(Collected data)
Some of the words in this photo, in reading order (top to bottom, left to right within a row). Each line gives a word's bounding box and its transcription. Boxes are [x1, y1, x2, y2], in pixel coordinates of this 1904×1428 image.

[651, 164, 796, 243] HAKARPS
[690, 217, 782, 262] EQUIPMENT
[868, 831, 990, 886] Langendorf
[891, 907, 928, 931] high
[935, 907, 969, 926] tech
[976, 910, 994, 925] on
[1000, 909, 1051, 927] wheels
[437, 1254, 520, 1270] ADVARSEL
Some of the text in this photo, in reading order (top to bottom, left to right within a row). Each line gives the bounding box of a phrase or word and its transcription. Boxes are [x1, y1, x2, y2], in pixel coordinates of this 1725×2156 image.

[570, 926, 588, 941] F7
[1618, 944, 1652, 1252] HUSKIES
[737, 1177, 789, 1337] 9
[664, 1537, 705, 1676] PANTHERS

#### What is needed
Your response must repeat the entries above exactly, in full.

#### Result of the exercise
Some of the words in this photo, in reading order (top to bottom, left to right within a row). Each line gives a word's bounding box and its transcription. Boxes are [x1, y1, x2, y2], in pixel coordinates of this 1904×1428 image.

[651, 164, 796, 243] HAKARPS
[690, 217, 782, 262] EQUIPMENT
[868, 831, 990, 886] Langendorf
[891, 907, 928, 931] high
[935, 907, 969, 926] tech
[976, 910, 994, 925] on
[1000, 909, 1051, 927] wheels
[437, 1254, 520, 1270] ADVARSEL
Some of the text in this photo, in reading order (top to bottom, left to right within a row). Each line gives the bounding box of a phrase or word and its transcription. Boxes are [x1, y1, x2, y2], in pixel coordinates of this 1725×2156 image.

[570, 926, 588, 941] F7
[1618, 944, 1652, 1252] HUSKIES
[737, 1177, 789, 1337] 9
[664, 1537, 705, 1676] PANTHERS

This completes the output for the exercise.